If someone puts a camera and a microphone on devices that don't need them, then it's a) pushing up the price of goods for everyone with features that mainly serve corporate, b) there are bad actors out there even if you think corporate is a good one, c) no reason to think corporate is a good actor.

Shipping an AI model with a browser is starting to look like sticking cameras on ALL glasses, not just smart glasses, regardless of whether anyone wants that. Saying this is fine and not unusual is clearly motivated reasoning and just normalizes the surveillance state. It's very obvious the way this ends. Browser-based models will eventually be using your computer at the edge to save corporate money in the cloud while they do ever more expensive and invasive stuff to profile you.

Shipping the model with the browser is exactly the opposite of what you are claiming.

The alternative is sending the data to Google.

Back to the assumptions.

If the onboard LLM means no data sending and you get your own little service wholly subservient to you like a good little program.
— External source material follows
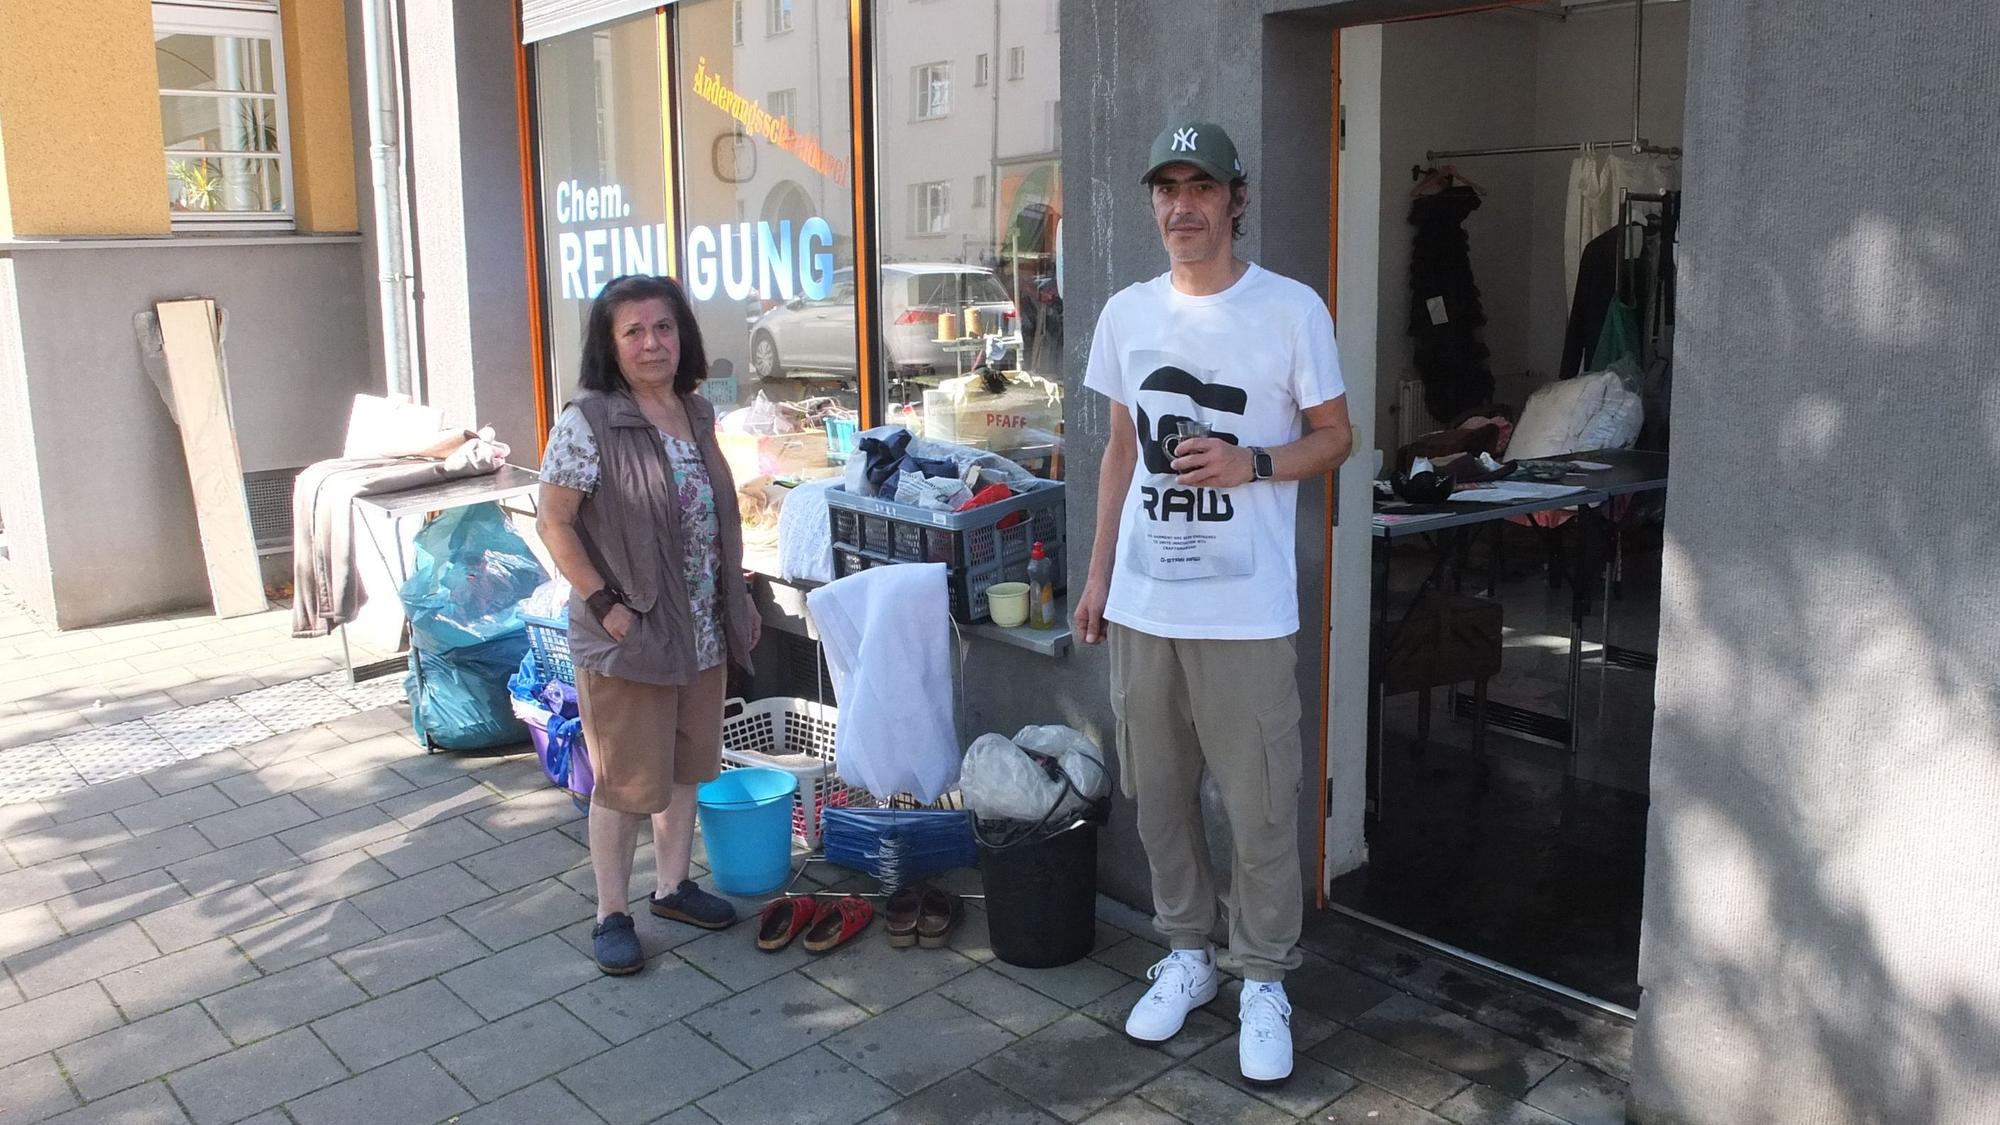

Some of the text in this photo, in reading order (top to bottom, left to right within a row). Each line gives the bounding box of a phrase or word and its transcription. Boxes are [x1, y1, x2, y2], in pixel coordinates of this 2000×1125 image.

That's nice!

If the onboard LLM means better data filtering, possibly even exploration of the local system, to send information to Google while lessening their datacentre bills running LLM services. That seems a little underhanded to just bake into things without notification.

Pick your assumption, you get your outcome. What are your assumptions?

Why assume? it should be observable. You can check the code and data traffic to see how it is used.

Can't observe the future, so learn from the past.. or use common sense. You don't react to a stranger or a mysterious camera in your household by saying, wow ok, let's see if anything bad happens.